(Your instructions):
Top to bottom, every record is to be copied word for word.

▼▼▼

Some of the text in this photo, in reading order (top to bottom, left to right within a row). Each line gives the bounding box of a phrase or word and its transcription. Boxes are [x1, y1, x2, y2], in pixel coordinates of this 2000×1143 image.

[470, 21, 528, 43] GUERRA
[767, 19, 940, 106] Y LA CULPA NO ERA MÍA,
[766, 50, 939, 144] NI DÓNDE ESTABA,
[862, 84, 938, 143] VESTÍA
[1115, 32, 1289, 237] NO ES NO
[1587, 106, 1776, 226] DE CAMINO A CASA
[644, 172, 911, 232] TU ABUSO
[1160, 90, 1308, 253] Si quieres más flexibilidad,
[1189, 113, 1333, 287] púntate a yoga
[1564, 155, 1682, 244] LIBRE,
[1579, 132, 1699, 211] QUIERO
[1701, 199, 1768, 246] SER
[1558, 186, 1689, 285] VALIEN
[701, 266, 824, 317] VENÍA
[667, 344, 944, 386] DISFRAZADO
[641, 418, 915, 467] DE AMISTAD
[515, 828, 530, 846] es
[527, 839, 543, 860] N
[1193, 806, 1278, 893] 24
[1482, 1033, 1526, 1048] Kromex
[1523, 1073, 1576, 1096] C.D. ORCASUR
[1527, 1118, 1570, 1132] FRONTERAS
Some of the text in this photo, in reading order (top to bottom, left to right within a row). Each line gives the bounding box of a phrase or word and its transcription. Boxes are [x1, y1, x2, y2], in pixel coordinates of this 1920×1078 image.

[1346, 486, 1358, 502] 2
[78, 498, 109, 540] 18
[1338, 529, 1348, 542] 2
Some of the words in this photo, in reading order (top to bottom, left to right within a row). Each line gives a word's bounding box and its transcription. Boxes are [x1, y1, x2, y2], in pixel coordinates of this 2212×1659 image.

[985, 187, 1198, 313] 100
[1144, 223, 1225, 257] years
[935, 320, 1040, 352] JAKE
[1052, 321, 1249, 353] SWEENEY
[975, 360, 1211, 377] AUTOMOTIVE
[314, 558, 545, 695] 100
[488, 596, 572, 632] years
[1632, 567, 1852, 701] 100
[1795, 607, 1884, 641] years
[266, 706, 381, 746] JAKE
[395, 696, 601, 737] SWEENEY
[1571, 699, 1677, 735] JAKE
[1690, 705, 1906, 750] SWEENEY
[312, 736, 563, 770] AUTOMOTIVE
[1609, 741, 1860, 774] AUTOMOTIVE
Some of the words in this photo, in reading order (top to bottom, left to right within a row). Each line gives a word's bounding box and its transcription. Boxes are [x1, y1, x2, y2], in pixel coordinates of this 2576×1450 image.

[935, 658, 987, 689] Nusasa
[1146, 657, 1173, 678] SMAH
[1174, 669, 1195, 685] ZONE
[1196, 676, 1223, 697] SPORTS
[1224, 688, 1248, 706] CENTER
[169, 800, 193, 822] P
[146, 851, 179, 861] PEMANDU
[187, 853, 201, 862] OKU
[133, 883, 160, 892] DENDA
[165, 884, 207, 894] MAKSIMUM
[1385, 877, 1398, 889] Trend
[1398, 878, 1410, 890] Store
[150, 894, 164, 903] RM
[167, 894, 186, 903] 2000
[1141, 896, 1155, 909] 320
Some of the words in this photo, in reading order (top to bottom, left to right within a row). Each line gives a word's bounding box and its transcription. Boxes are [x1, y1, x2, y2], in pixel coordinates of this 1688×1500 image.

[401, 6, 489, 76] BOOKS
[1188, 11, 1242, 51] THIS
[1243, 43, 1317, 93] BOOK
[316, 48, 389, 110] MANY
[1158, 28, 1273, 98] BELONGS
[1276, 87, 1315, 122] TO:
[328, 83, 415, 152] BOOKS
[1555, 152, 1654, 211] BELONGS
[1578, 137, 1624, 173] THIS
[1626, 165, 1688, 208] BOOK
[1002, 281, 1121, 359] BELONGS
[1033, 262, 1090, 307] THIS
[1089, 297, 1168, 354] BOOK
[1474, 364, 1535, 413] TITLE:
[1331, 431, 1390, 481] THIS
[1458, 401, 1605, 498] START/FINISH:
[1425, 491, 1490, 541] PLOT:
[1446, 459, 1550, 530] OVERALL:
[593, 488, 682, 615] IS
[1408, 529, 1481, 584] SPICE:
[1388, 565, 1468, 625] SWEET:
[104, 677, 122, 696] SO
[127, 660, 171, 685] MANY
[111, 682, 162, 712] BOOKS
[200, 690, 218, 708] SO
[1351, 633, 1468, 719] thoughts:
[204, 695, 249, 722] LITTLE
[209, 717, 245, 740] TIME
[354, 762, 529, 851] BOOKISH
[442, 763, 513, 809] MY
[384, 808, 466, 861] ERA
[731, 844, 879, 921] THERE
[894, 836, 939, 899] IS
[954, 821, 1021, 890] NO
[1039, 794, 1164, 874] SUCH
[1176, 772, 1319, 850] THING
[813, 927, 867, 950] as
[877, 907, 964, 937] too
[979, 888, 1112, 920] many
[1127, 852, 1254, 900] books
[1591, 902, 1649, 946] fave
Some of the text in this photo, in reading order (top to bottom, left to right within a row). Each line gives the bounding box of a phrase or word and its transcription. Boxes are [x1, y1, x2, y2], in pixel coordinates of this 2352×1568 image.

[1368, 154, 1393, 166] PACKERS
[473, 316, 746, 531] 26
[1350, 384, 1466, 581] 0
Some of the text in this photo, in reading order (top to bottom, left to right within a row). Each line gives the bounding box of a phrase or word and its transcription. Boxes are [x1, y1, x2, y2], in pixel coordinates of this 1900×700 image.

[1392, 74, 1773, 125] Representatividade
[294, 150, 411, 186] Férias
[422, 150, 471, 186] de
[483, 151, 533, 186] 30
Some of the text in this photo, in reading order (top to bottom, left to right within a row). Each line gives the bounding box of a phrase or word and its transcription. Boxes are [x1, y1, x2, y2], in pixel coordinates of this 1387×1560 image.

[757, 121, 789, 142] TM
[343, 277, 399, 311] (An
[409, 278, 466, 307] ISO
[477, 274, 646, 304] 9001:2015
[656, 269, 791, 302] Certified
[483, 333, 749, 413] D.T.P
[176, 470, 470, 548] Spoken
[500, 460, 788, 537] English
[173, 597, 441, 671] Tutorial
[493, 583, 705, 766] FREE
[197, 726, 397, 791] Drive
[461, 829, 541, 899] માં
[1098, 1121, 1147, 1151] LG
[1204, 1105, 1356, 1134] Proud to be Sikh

▲▲▲

(The completed task):
Some of the text in this photo, in reading order (top to bottom, left to right within a row). Each line gives the bounding box of a phrase or word and its transcription. Boxes are [x1, y1, x2, y2], in pixel coordinates of this 2000×1143 image.

[470, 21, 528, 43] GUERRA
[767, 19, 940, 106] Y LA CULPA NO ERA MÍA,
[766, 50, 939, 144] NI DÓNDE ESTABA,
[862, 84, 938, 143] VESTÍA
[1115, 32, 1289, 237] NO ES NO
[1587, 106, 1776, 226] DE CAMINO A CASA
[644, 172, 911, 232] TU ABUSO
[1160, 90, 1308, 253] Si quieres más flexibilidad,
[1189, 113, 1333, 287] púntate a yoga
[1564, 155, 1682, 244] LIBRE,
[1579, 132, 1699, 211] QUIERO
[1701, 199, 1768, 246] SER
[1558, 186, 1689, 285] VALIEN
[701, 266, 824, 317] VENÍA
[667, 344, 944, 386] DISFRAZADO
[641, 418, 915, 467] DE AMISTAD
[515, 828, 530, 846] es
[527, 839, 543, 860] N
[1193, 806, 1278, 893] 24
[1482, 1033, 1526, 1048] Kromex
[1523, 1073, 1576, 1096] C.D. ORCASUR
[1527, 1118, 1570, 1132] FRONTERAS
Some of the text in this photo, in reading order (top to bottom, left to right within a row). Each line gives the bounding box of a phrase or word and its transcription. Boxes are [x1, y1, x2, y2], in pixel coordinates of this 1920×1078 image.

[1346, 486, 1358, 502] 2
[78, 498, 109, 540] 18
[1338, 529, 1348, 542] 2
Some of the words in this photo, in reading order (top to bottom, left to right within a row). Each line gives a word's bounding box and its transcription. Boxes are [x1, y1, x2, y2], in pixel coordinates of this 2212×1659 image.

[985, 187, 1198, 313] 100
[1144, 223, 1225, 257] years
[935, 320, 1040, 352] JAKE
[1052, 321, 1249, 353] SWEENEY
[975, 360, 1211, 377] AUTOMOTIVE
[314, 558, 545, 695] 100
[488, 596, 572, 632] years
[1632, 567, 1852, 701] 100
[1795, 607, 1884, 641] years
[266, 706, 381, 746] JAKE
[395, 696, 601, 737] SWEENEY
[1571, 699, 1677, 735] JAKE
[1690, 705, 1906, 750] SWEENEY
[312, 736, 563, 770] AUTOMOTIVE
[1609, 741, 1860, 774] AUTOMOTIVE
Some of the words in this photo, in reading order (top to bottom, left to right within a row). Each line gives a word's bounding box and its transcription. Boxes are [x1, y1, x2, y2], in pixel coordinates of this 2576×1450 image.

[935, 658, 987, 689] Nusasa
[1146, 657, 1173, 678] SMAH
[1174, 669, 1195, 685] ZONE
[1196, 676, 1223, 697] SPORTS
[1224, 688, 1248, 706] CENTER
[169, 800, 193, 822] P
[146, 851, 179, 861] PEMANDU
[187, 853, 201, 862] OKU
[133, 883, 160, 892] DENDA
[165, 884, 207, 894] MAKSIMUM
[1385, 877, 1398, 889] Trend
[1398, 878, 1410, 890] Store
[150, 894, 164, 903] RM
[167, 894, 186, 903] 2000
[1141, 896, 1155, 909] 320
Some of the words in this photo, in reading order (top to bottom, left to right within a row). Each line gives a word's bounding box and its transcription. Boxes are [x1, y1, x2, y2], in pixel coordinates of this 1688×1500 image.

[401, 6, 489, 76] BOOKS
[1188, 11, 1242, 51] THIS
[1243, 43, 1317, 93] BOOK
[316, 48, 389, 110] MANY
[1158, 28, 1273, 98] BELONGS
[1276, 87, 1315, 122] TO:
[328, 83, 415, 152] BOOKS
[1555, 152, 1654, 211] BELONGS
[1578, 137, 1624, 173] THIS
[1626, 165, 1688, 208] BOOK
[1002, 281, 1121, 359] BELONGS
[1033, 262, 1090, 307] THIS
[1089, 297, 1168, 354] BOOK
[1474, 364, 1535, 413] TITLE:
[1331, 431, 1390, 481] THIS
[1458, 401, 1605, 498] START/FINISH:
[1425, 491, 1490, 541] PLOT:
[1446, 459, 1550, 530] OVERALL:
[593, 488, 682, 615] IS
[1408, 529, 1481, 584] SPICE:
[1388, 565, 1468, 625] SWEET:
[104, 677, 122, 696] SO
[127, 660, 171, 685] MANY
[111, 682, 162, 712] BOOKS
[200, 690, 218, 708] SO
[1351, 633, 1468, 719] thoughts:
[204, 695, 249, 722] LITTLE
[209, 717, 245, 740] TIME
[354, 762, 529, 851] BOOKISH
[442, 763, 513, 809] MY
[384, 808, 466, 861] ERA
[731, 844, 879, 921] THERE
[894, 836, 939, 899] IS
[954, 821, 1021, 890] NO
[1039, 794, 1164, 874] SUCH
[1176, 772, 1319, 850] THING
[813, 927, 867, 950] as
[877, 907, 964, 937] too
[979, 888, 1112, 920] many
[1127, 852, 1254, 900] books
[1591, 902, 1649, 946] fave
Some of the text in this photo, in reading order (top to bottom, left to right within a row). Each line gives the bounding box of a phrase or word and its transcription. Boxes are [x1, y1, x2, y2], in pixel coordinates of this 2352×1568 image.

[1368, 154, 1393, 166] PACKERS
[473, 316, 746, 531] 26
[1350, 384, 1466, 581] 0
Some of the text in this photo, in reading order (top to bottom, left to right within a row). Each line gives the bounding box of a phrase or word and its transcription. Boxes are [x1, y1, x2, y2], in pixel coordinates of this 1900×700 image.

[1392, 74, 1773, 125] Representatividade
[294, 150, 411, 186] Férias
[422, 150, 471, 186] de
[483, 151, 533, 186] 30
Some of the text in this photo, in reading order (top to bottom, left to right within a row). Each line gives the bounding box of a phrase or word and its transcription. Boxes are [x1, y1, x2, y2], in pixel coordinates of this 1387×1560 image.

[757, 121, 789, 142] TM
[343, 277, 399, 311] (An
[409, 278, 466, 307] ISO
[477, 274, 646, 304] 9001:2015
[656, 269, 791, 302] Certified
[483, 333, 749, 413] D.T.P
[176, 470, 470, 548] Spoken
[500, 460, 788, 537] English
[173, 597, 441, 671] Tutorial
[493, 583, 705, 766] FREE
[197, 726, 397, 791] Drive
[461, 829, 541, 899] માં
[1098, 1121, 1147, 1151] LG
[1204, 1105, 1356, 1134] Proud to be Sikh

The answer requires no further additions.